[WORK INSTRUCTIONS]
I'd like the entire listing output verbatim, apart from the pictures.

[SUPPLIED RECORDS]
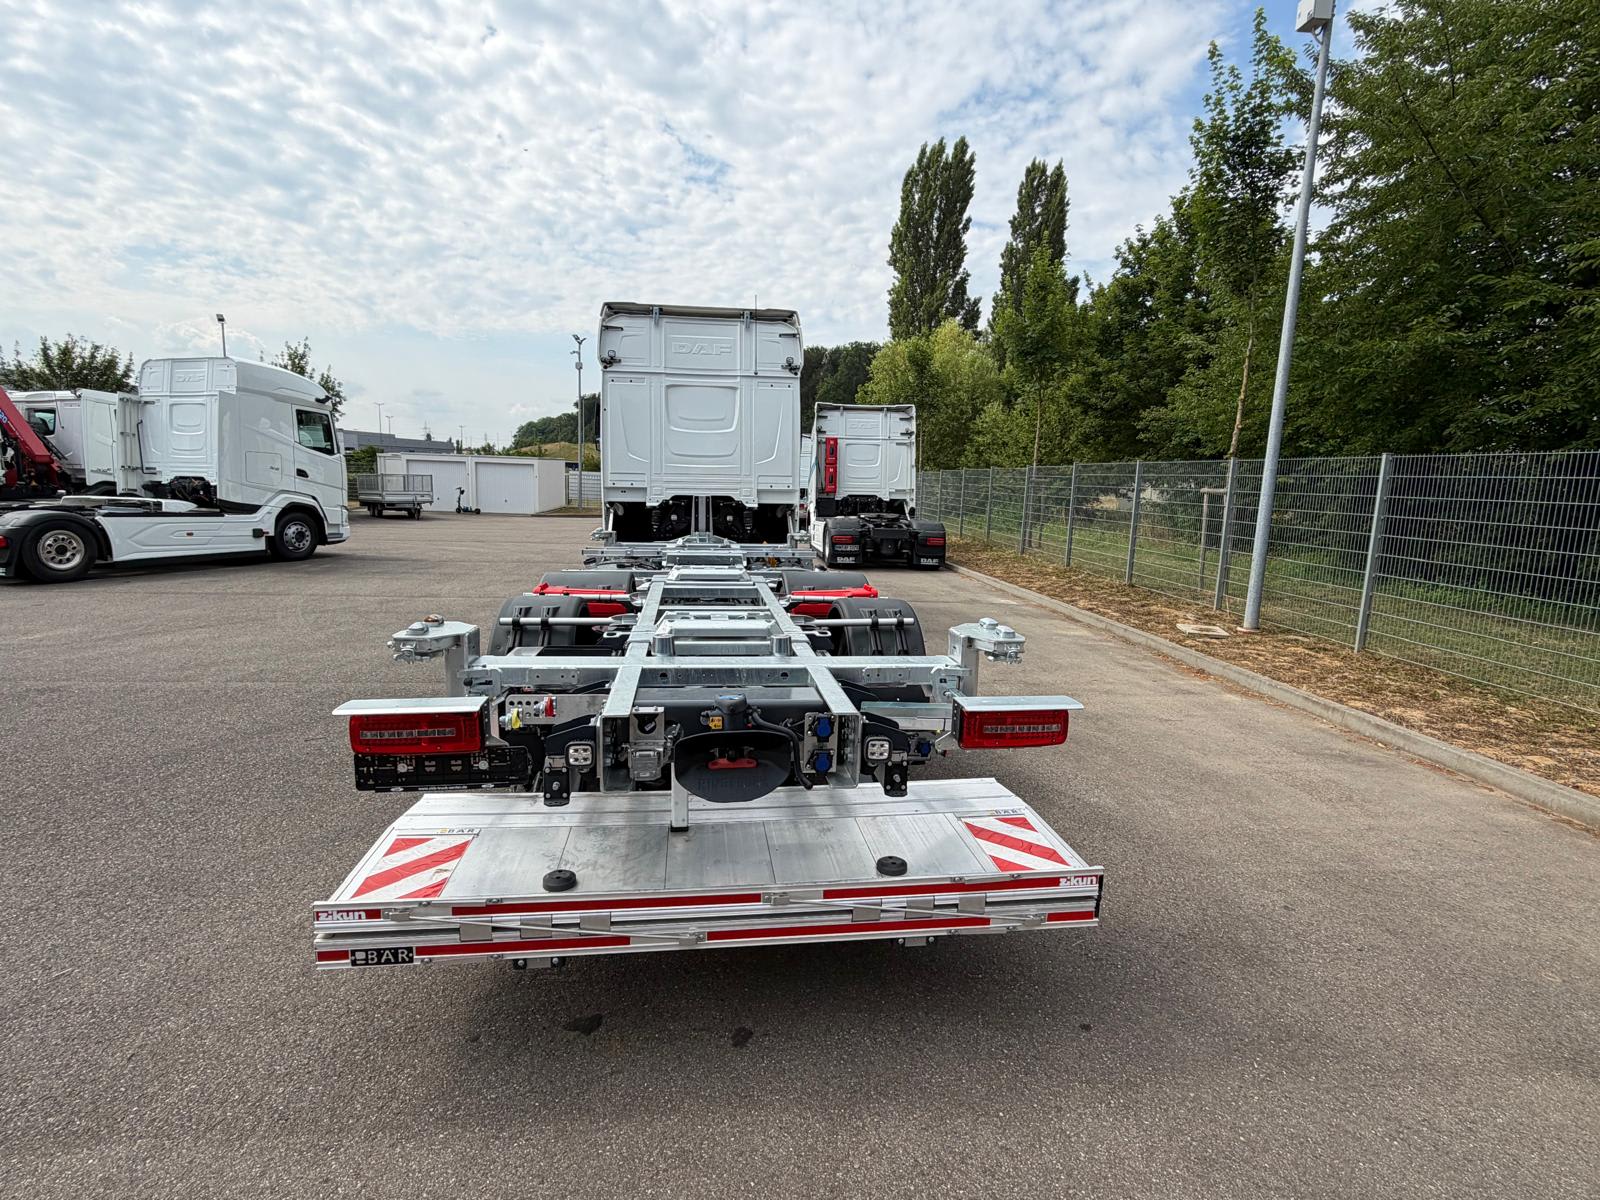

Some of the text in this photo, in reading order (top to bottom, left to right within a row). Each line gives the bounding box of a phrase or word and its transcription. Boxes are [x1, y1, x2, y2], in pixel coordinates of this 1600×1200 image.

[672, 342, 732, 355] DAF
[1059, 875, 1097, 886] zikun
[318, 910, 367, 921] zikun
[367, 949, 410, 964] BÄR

[RESULT BELOW]
Some of the text in this photo, in reading order (top to bottom, left to right within a row). Each line gives the bounding box of a phrase or word and its transcription. Boxes are [x1, y1, x2, y2], in pixel coordinates of this 1600×1200 image.

[672, 342, 732, 355] DAF
[1059, 875, 1097, 886] zikun
[318, 910, 367, 921] zikun
[367, 949, 410, 964] BÄR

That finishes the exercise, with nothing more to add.